(1) Slower revenue growth due to lower loan demand suggests the economic recovery and stock market rally is more a product of infinite liquidity and accounting flexibility than increased private investment and aggregate demand.
(2) The public sector following the private sector’s instinct to survive will announce even greater layoffs without 'creative' Federal assistance.
Headline: Lenders See Little Choice: Layoffs
The banking industry, racked by the financial crisis and facing slower revenue growth, is starting to cut costs increasingly at the expense of jobs.
Wells Fargo & Co. (NYSE: WFC - News) and American Express Co. (NYSE: AXP - News) said Wednesday that they would take action to reduce expenses and lay off employees to become leaner. PNC Financial Services Group Inc. (NYSE: PNC - News) and Fifth Third Bancorp (NYSE: FITB - News) said Thursday they too want to become more efficient.

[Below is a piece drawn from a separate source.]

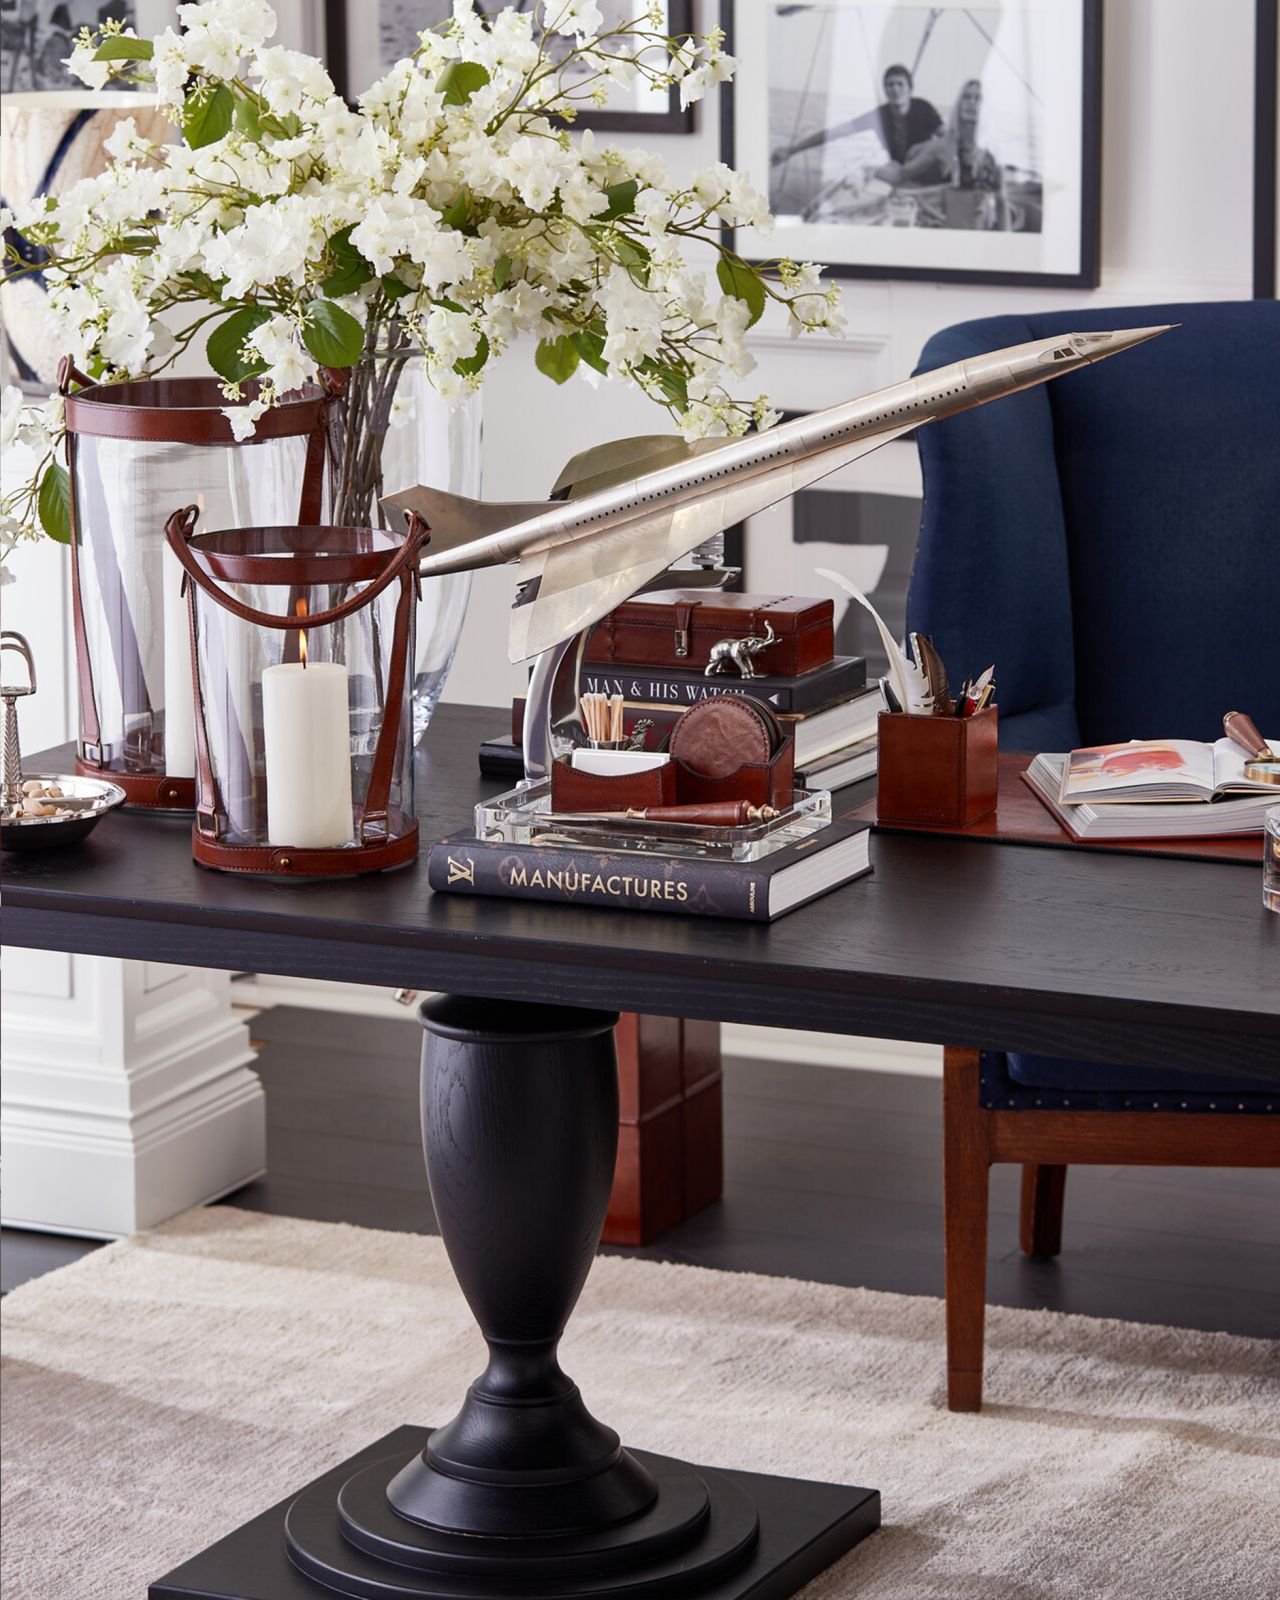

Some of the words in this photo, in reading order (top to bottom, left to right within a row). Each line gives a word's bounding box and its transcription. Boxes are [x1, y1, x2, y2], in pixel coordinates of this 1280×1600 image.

For Synovus Financial Corp. (NYSE: SNV - News), that means cutting jobs. The bank said last week it would eliminate 850 jobs, 13% of its staff, and close 39 branches to save $100 million in expenses a year.
State Street Corp. (NYSE: STT - News) reiterated Wednesday that it is on track to save as much as $625 million in expenses through 1,400 job cuts to be completed this year. Barclays Capital laid off 600 employees world-wide earlier this year.